Image of family walking on tennis courts

The Williams’ serve a tennis movie like none other with ‘King Richard’

Written by Gabriella Robinson, Image courtesy of Star Thrower Entertainment

In the rigorous world of competitive tennis, the smallest of mistakes can cause a player to throw a game. There is no room for hesitancy in a professional match, where the decision to lob or volley a ball must be made in a millisecond and can cost a player the game. In the past thirty years, this tenuous sport, with its rigid practices and high stakes, has been morphed into a game of opportunity by the rackets of Venus and Serena Williams. Together, the pair of sisters have thirty Grand Slam titles under their belts and are regarded as some of the greatest tennis champions of all time. Their individual journeys and rivalries are the stuff of legend, and yet, this two-and-a-half-hour biopic revolves the untold story of a different William’s legend: their father, Richard.  

As he solicits country clubs with handmade brochures in search of a coach for his daughters, it is instantly apparent that Richard Williams is a different kind of tennis dad. Throughout the film, the Williams’ five sisters flock with him to the courts each day in sun-soaked, mid-90’s nostalgic bliss. The eccentric Richard (Will Smith) is dedicated to his coaching regime for Venus and Serena, whom he proclaims to be the next biggest tennis stars to anyone who listens. Their genuine love for the game seeps into every drill, rain or shine. Moving as a team through their hometown of Compton, the tight-knit family of seven support each other in everything they do. Richard follows the 78-page plan he drafted for his daughters prior to their birth with contagious confidence and propels his family out of Compton into the glittering, glaringly white country-club universe of competitive tennis.  
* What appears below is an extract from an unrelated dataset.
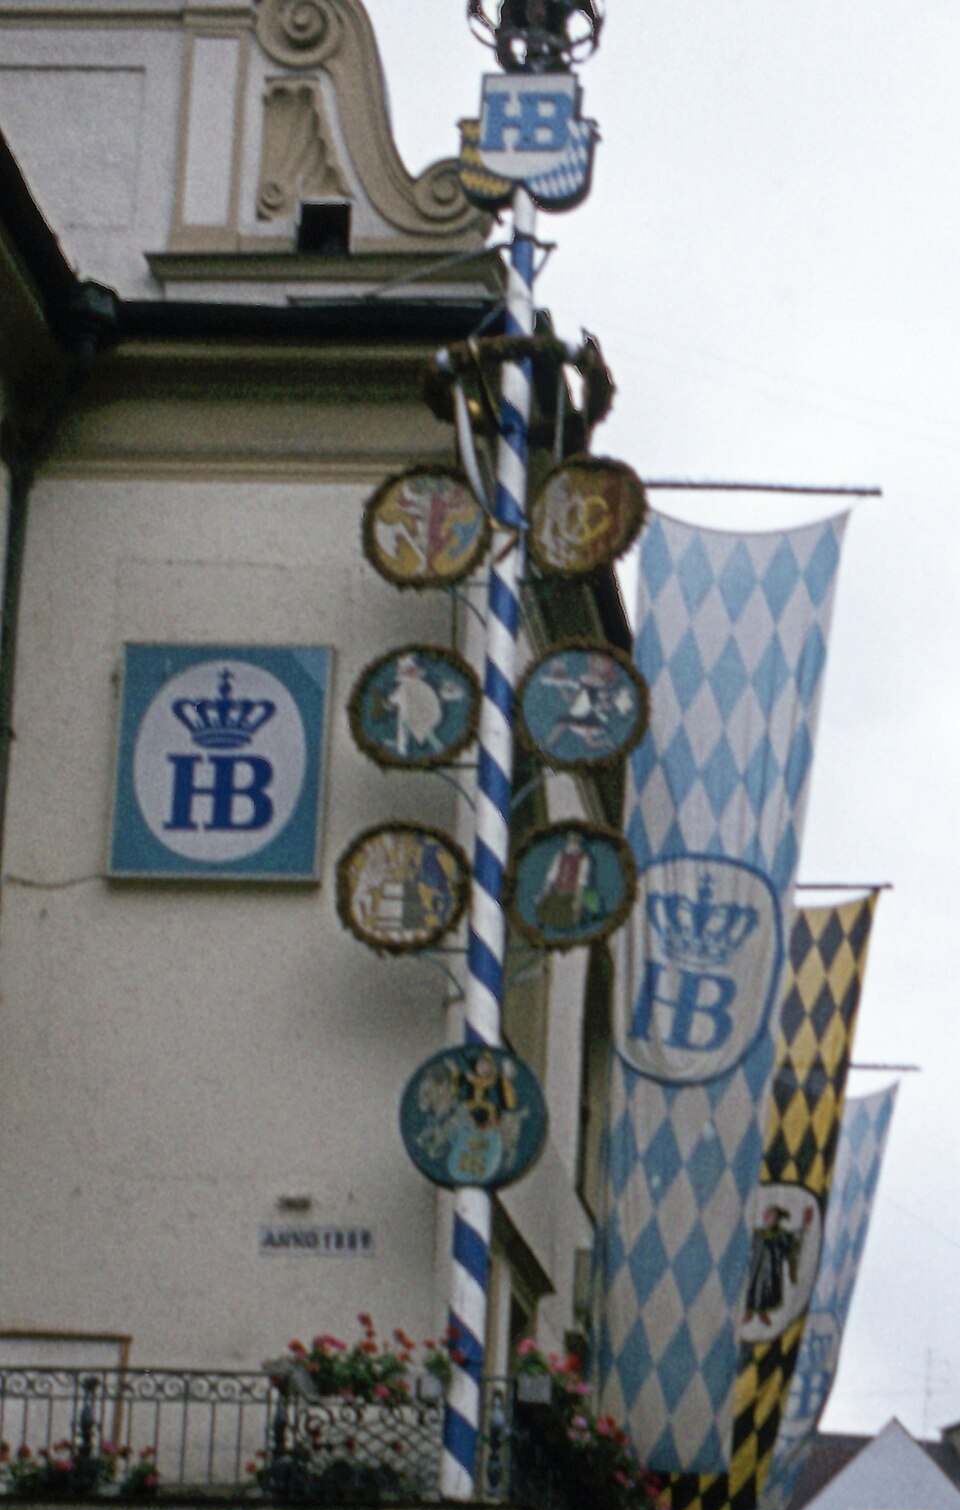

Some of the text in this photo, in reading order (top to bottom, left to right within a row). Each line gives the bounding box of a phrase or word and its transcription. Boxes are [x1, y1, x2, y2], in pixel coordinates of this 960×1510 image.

As executive producers of the film, Venus and Serena re-enact their upbringing and encapsulate Richard as their vivacious cheerleader and sometimes bullheaded coach. Whether he’s facing social-workers or famous mentors, Richard is unflinchingly himself and ignores convention. He thanks the wealthy agents at the club for “taking off their hoods before they came in,” interrupts interviewers and is beaten-up for defending his underaged daughters from harassment. He does it all in six-inch inseam tennis shorts (which Smith never parts with for a single scene). Despite real-life criticisms of Richard domineering the girls’ careers, director Reinaldo Marcus Green digs past the infamous stubbornness to reveal Richard as his daughters saw him: a father who would do anything to give them a better life. To counteract the constant pressures of matches, he pulls them out of practice to visit Disneyworld, is adamant that they excel in their education and never lets them complete a match without the reminder that they should “have fun out there.” 

“King Richard” is a sports movie that focuses more on the perseverance of family than personal victory. As a million different voices warned Richard that their window of opportunity was closing, he insisted that they would wait until the time was right and “just walk through the front door.” Little did the crowds of those early 1990’s matches know, the Williams wouldn’t “just walk through the front door”, but burst through, holding it open for entire generations of young girls and tennis players of color to follow. 

In a post screening Q&A, actress Aunjanue Ellis (who plays Brandi Williams, Richard’s wife) reiterates the Williams’ persevering support of one another as the key to their history-making success. “Love was their weapon.” Ellis said in response to a quote from poet Nikki Rosa: “Black love is black wealth,” she fondly adds of the family. “And they were rich”.